Corporate Executives, Customers at Odds on Cybersecurity

Because companies accept and store sensitive, personally identifiable consumer customer data, they are responsible for safeguarding it against theft by cybercriminals. This should be common sense. Yet, according to a Ponemon Institute study commissioned by Centrify, only about half of the marketing and IT/security professionals polled agree that their companies “have an obligation to take reasonable steps to secure [customer] personal information.”

Come May 2018, the European Union has a big eye-opener in store—the General Data Protection Regulation (GDPR)—for the other 50 percent whose management teams apparently believe they are under no serious obligation to protect sensitive customer data.

The Ponemon study, “Impact of Data Breaches on Reputation and Share Value,” is interesting in that it polled three separate groups: 448 IT and infosec professionals, 334 senior-level marketers and corporate communications execs and 549 consumers. Respondents were from the United States, UK, Germany and Australia.

Meanwhile, consumer respondents’ viewpoints are heavily weighted in favor of organizations taking responsibility protecting their sensitive data, with 80 percent believing organizations have an obligation to take reasonable steps to secure their personal information. And they have good reason to think this: More than 60 percent of consumer respondents say that during the last two years they have been notified by a company or government agency that their personal information was lost or stolen as a result of one or more data breaches. And more than 40 percent of IT/infosec professionals say their organization experienced a data breach involving the loss or theft of more than a thousand records containing sensitive information.

The study report states for clearly: “To protect brand and reputation, it is critical the C-suite and board of directors address consumers’ expectations about how their personal information is used and secured.” According to the study, however, that may not be in the works for a good number of firms. Some 45 percent of IT/infosec and 42 percent of marketing and corporate communications pros “don’t believe that senior management understands the importance of preserving [their company’s] reputation.”

Ponemon unearths what may be the most salient data point on the subject: that 61 percent of IT/infosec professionals do not believe their companies “have a high level of ability to prevent breaches.” Real-world corporate and governmental security breaches have reached epidemic proportions. CEOs, CIOs, CISOs and others have lost their jobs. The average cost of a data breach is $3.62 million, according to another Ponemon Institute report, the “2017 Poneman Cost of Data Breach Study.” Loss of brand reputation may be difficult to put a price on, and it will differ from company to company. The companies that aren’t prepared to deal with a security breach are the ones that often face the most severe consequences.

Consequences of Failing to Protect Customer Data

The Ponemon data implies that a trust gap is growing between consumers and corporations. What’s appears to be happening, based on the data, is that consumers are over-trusting. How long before that bubble breaks? And what is the outcome in terms of diminished brand for the companies that don’t safeguard their customer data? What about possible regulation? In all likelihood, consumers who wind up mired in identity theft will blame the breached company. But as consumers go through their second, third and fourth breach, they are likely to become more selective about who they do business with. Ultimately, loss of brand reputation becomes a loss of customers.

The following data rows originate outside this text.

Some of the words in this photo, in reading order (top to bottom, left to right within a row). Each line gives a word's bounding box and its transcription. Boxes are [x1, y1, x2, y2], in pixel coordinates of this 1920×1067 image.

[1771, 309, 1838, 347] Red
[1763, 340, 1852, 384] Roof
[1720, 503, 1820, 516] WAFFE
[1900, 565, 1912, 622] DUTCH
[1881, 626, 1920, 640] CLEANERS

Ponemon carried out a financial impact study on stock loss and concluded it averages 5 percent, beginning from the date the data breach is disclosed. But how long before the stock price rebounds, if it does rebound? The stock of companies that are properly prepared for a security breach tend to bounce back in seven days, on average, Ponemon found. Companies that are ill-prepared for a security breach saw their stock decline last more than 90 days on average. Ponemon stopped tracking stock prices at 90 days, so we don’t know whether typically the stock ever fully rebounds.

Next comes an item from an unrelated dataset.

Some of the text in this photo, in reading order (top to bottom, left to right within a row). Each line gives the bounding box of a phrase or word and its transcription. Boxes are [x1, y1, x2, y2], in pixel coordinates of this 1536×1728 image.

In an August 2017 report, Heidi Shey, senior analyst at Forrester, listed several other possible costs of failing to protect sensitive customer data:

  • Lawsuits and settlements that can drag on for years with attendant legal fees. Target wound up paying $18.5 million just for the settlement resulting from its data breach;
  • Regulatory fines and assessments;
  • Improving security and audit requirements;
  • Loss of employee productivity and employee turnover;
  • Technical response (incident response services, forensics);
  • External communications (notifying affected individuals as well as government and regulatory agencies);
  • Identity theft monitoring for customers; and
  • Outside PR help.

The costs required to safeguard sensitive customer data are far less at most companies than the costs of failing to protect it. So why are so many companies ill-prepared to deal with this well-documented problem that is on the rise in the United States? Just look at Target and Equifax for what can go wrong.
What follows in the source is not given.